中に置かれていたのは、今朝私が作った琥珀珈琲と、ポーション用の空き瓶、薬草。
それから、魔法実験に使うフラスコが二本と、淡い輝きを放つ、赤い花びらのようなものが数枚あった。
ギルバート様は、ベストのポケットから手袋を取り出して両手に装着しながら、話しはじめる。
「少し、実験に付き合ってくれ。まず、この赤い花だが、これは魔法薬や魔道具を作製する際に一般的な触媒の一つでな。灯火薔薇といって、水上に浮かぶように咲く薔薇だ。魔力を内包していて、夜になると灯火のように光る」
「へえ……!」
ギルバート様の話を聞いて、私はこの花が水上で一面に光り輝くのを想像した。
揺らめく水面に光を反射し、淡く輝く灯火薔薇。それはきっと、とても美しい光景だろう。
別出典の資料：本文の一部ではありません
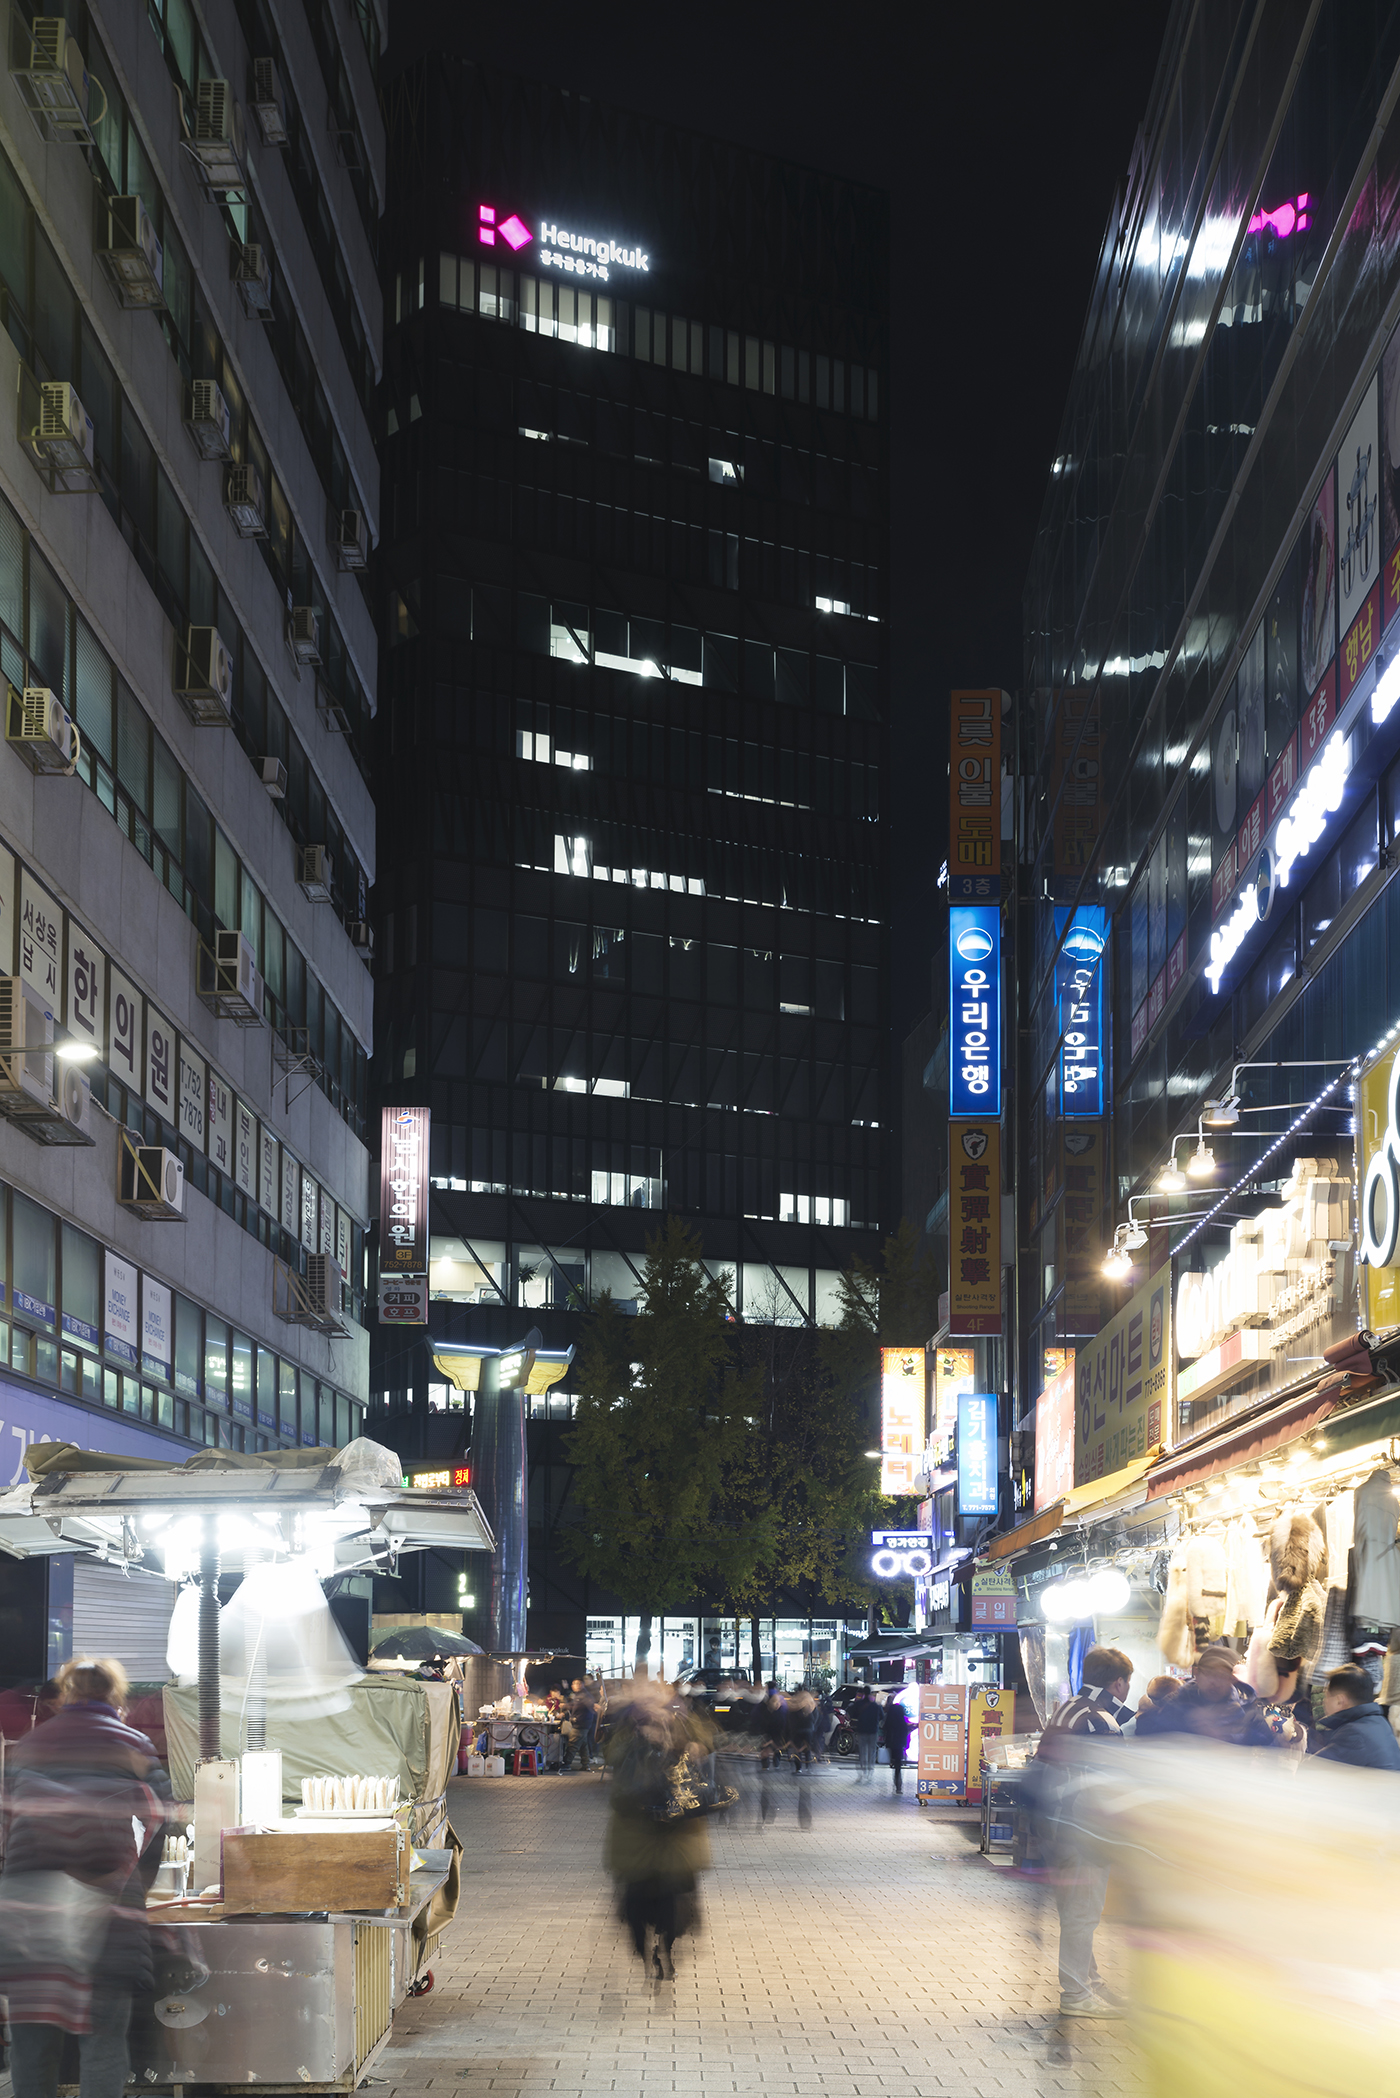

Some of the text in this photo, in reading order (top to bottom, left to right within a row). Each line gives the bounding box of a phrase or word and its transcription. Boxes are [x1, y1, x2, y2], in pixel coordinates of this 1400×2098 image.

[541, 222, 649, 272] Heungkuk
[1346, 601, 1374, 682] 행남
[958, 698, 993, 747] 그릇
[1308, 689, 1327, 748] 3층
[958, 758, 993, 807] 이불
[1271, 743, 1293, 815] 도매
[957, 817, 993, 866] 도매
[1241, 803, 1261, 855] 이불
[963, 878, 990, 895] 3층
[23, 899, 57, 956] 서상욱
[960, 969, 990, 1094] 우리은행
[388, 1133, 421, 1247] 남시한의원
[384, 1261, 423, 1269] 752-7878
[396, 1251, 412, 1259] 3F
[388, 1308, 415, 1318] 호프
[389, 1293, 415, 1304] 커피
[955, 1293, 996, 1302] 실탄사격장
[967, 1318, 985, 1331] 4F
[1079, 1308, 1144, 1446] 영선마트
[924, 1692, 960, 1711] 그릇
[923, 1723, 960, 1742] 이불
[923, 1754, 959, 1773] 도매
「それでは、クリスティーナ嬢。このフラスコに水を入れて、『照明』の魔法を注入すると、どうなると思う?」
「ええと……ナイトライトみたいに、水が光るようになる……?」
先日、街で雑貨店に寄った際に、光る水を利用したナイトライトを見た。
ドーム型になっていて、中に小さな庭や家のオブジェが入っており、淡く光る水で満たされているものだ。
水の中には白く光る粉も入っていて、逆さにするとそれがドーム内を舞い、小さな家に粉雪が降っているかのように見える。
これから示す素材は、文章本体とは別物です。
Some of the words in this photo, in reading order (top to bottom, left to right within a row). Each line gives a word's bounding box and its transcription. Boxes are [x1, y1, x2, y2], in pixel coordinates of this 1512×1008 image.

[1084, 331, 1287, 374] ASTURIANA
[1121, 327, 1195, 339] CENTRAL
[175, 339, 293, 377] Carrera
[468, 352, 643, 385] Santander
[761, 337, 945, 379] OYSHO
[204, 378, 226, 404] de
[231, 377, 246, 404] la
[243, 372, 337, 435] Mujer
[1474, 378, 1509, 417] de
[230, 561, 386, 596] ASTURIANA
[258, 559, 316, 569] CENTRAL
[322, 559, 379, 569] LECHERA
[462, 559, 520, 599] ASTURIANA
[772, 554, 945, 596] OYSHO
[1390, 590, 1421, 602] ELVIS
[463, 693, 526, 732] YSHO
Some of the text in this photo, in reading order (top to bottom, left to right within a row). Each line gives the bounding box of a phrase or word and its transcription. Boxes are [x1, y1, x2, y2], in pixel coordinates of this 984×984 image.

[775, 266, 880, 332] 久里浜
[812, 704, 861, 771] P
お土産に素敵かも、と思ったのだが、結構な値段がして諦めたのである。
「では、実際にやってみようか」
ギルバート様は片方のフラスコにだけ灯火薔薇を丸めて入れ、それから、両方のフラスコに水を注いだ。
「魔力を注いでいる間、少し眩しくなる。耐えられなければ、目を瞑ってくれ」
私にそう断りを入れてから、ギルバート様は、二本のフラスコに手をかざした。